There is generally little dispute that the book is better than the movie. Books give the opportunity to dive into deeper characterization, more intense and elaborate subplots, and graphic visual descriptions that allow the reader to travel to a world of their creation through the words of the writer. While movies give the audience immediate visual and audio gratification, that gratification comes from the voice of the director and actors, not the internal mind of the audience member. Even movies that are widely considered well adapted–Jurassic Park and The Lord of the Rings trilogy immediately come to mind–most fans would say that the movie pales in comparison to the book.There is almost always a moment in a movie where someone who has read the book watches a scene and says to themselves, “That’s not how I pictured it.”  Ultimately, that is where movies fail: not giving the audience the true freedom of creation.  Movies are less about creating the image and more about seeing someone else’s vision.

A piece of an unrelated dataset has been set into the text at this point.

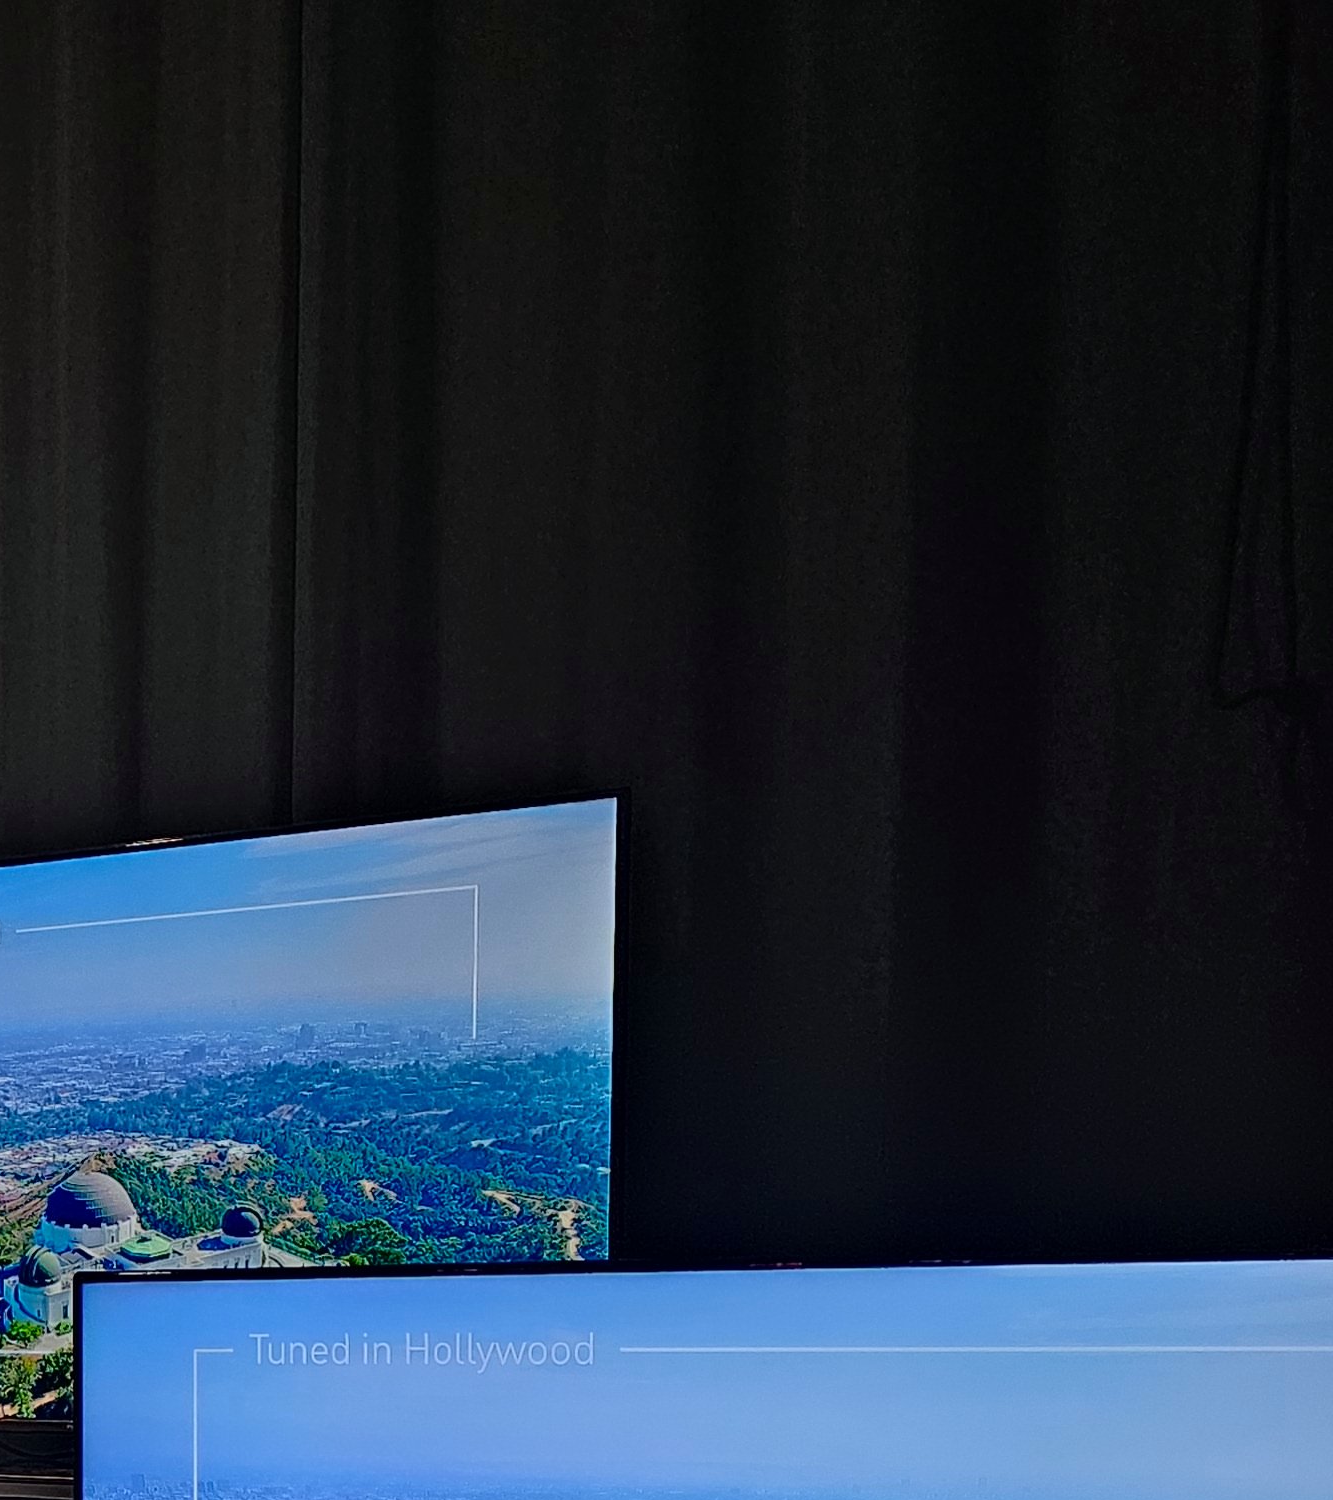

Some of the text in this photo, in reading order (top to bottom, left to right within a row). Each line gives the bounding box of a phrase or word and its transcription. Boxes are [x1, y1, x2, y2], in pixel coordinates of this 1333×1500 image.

[249, 1332, 595, 1374] Tuned in Hollywood

All this, however, is not to say that books have the complete advantage over movies. Movies provide the audience with opportunities that a book never could, and provide unique challenges and benefits to screenwriters that books do not. Movies also require a tighter narrative structure from the writer.  Most books are not going to be transformed into massive four part trilogies like The Hunger Games or Divergent.  It is up to the screenwriter to take a book that, if produced in its entirety, would take far longer than most studios would probably be willing to make, and make into a two-hour movie. This is especially advantageous for serial books where the author was paid by the word. A case in point is Victor Hugo’s Les Miserables. Clocking in at over 1400 pages, there are subplots and character arcs that crisscross all over each other, as well as 80 pages on the Paris sewer system and the waste inside it.  One advantage of the movie is that because the audience doesn’t really need that information, it gets cut; we, the viewers, are able to stay focused on the beauty of the basic story and not -lose the thread while we read about the sewer system.

One of the major advantages of movies, television, and mini-series based on books, is that they are more universally consumed. The popularity of visual media can attract a wider audience to reading the “real” story associated with it. Books and movies have a wonderful opportunity to generate and perpetuate each other’s success; by writing good books and making good movie versions, the two can flourish together as one intertwined body.